WHAT YOU ARE ASKED TO DO
Give again the line that contains "this 1848×1333 image.", plus every line after it to the end of the records, unchanged.

RECORDED INFORMATION

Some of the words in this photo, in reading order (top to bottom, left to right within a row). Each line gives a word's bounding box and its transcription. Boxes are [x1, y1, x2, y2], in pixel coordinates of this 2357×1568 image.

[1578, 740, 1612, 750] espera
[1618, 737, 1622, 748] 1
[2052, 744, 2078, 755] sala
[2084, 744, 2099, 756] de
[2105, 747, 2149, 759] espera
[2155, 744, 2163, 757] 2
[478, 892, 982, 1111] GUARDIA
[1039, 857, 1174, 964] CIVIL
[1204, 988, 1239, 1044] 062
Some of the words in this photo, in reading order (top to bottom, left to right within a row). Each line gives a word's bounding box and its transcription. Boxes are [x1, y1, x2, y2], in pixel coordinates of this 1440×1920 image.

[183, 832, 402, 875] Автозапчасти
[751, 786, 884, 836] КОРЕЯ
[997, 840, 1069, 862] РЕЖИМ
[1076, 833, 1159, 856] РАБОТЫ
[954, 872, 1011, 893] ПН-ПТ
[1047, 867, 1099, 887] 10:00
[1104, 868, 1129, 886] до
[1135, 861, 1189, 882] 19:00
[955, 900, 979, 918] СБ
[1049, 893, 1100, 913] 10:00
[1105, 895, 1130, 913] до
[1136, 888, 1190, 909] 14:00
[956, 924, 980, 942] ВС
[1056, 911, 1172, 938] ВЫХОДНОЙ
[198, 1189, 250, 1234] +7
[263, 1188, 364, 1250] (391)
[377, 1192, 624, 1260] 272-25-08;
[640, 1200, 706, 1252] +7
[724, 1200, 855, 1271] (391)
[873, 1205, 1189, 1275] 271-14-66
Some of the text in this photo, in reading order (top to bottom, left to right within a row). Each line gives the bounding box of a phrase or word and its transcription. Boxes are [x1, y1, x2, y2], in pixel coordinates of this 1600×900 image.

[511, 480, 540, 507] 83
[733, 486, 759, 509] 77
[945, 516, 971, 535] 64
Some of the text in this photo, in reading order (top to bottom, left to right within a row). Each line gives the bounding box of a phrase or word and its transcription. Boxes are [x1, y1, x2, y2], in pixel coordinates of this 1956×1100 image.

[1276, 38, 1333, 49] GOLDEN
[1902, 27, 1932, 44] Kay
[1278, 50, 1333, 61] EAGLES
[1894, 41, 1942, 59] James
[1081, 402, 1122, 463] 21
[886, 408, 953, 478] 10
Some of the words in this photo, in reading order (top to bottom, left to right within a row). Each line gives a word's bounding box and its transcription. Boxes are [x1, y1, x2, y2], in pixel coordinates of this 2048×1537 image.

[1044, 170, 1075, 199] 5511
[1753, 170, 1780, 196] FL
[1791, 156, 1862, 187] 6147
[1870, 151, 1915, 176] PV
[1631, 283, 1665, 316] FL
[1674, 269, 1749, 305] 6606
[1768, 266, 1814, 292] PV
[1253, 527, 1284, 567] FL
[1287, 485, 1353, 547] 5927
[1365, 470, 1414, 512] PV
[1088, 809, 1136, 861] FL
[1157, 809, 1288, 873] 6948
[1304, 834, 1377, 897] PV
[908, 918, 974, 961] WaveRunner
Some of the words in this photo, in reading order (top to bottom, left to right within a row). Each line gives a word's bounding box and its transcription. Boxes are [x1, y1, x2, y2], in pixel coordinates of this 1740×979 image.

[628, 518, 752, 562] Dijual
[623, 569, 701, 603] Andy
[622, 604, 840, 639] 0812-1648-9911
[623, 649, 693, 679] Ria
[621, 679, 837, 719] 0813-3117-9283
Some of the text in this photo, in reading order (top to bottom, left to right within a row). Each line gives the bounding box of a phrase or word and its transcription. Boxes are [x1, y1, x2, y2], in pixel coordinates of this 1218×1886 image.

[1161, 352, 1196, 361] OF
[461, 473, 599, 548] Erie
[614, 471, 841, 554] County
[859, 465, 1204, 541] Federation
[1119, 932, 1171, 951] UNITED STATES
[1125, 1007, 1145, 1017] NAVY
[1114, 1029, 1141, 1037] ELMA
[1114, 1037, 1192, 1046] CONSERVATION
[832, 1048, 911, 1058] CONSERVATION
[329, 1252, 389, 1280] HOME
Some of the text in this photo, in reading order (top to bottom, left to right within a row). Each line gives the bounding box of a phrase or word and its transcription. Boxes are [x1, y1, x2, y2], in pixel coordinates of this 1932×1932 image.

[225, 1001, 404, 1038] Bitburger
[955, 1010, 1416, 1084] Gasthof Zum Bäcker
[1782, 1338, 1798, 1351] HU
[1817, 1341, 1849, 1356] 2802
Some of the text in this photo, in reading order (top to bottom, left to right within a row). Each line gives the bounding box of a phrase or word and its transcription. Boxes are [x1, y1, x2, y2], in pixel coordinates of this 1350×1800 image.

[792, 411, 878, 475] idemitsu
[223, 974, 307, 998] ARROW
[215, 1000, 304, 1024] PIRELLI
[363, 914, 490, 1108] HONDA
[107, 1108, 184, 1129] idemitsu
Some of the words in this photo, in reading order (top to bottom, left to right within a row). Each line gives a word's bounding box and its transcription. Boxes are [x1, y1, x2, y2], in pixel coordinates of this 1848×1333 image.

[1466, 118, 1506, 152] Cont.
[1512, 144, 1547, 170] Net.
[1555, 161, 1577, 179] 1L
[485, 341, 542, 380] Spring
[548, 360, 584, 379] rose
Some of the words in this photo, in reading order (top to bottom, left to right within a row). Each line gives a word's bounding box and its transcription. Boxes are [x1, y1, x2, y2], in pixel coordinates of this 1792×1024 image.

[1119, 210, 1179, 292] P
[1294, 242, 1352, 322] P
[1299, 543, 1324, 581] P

RESULT OF THE EXERCISE
Some of the words in this photo, in reading order (top to bottom, left to right within a row). Each line gives a word's bounding box and its transcription. Boxes are [x1, y1, x2, y2], in pixel coordinates of this 1848×1333 image.

[1466, 118, 1506, 152] Cont.
[1512, 144, 1547, 170] Net.
[1555, 161, 1577, 179] 1L
[485, 341, 542, 380] Spring
[548, 360, 584, 379] rose
Some of the words in this photo, in reading order (top to bottom, left to right within a row). Each line gives a word's bounding box and its transcription. Boxes are [x1, y1, x2, y2], in pixel coordinates of this 1792×1024 image.

[1119, 210, 1179, 292] P
[1294, 242, 1352, 322] P
[1299, 543, 1324, 581] P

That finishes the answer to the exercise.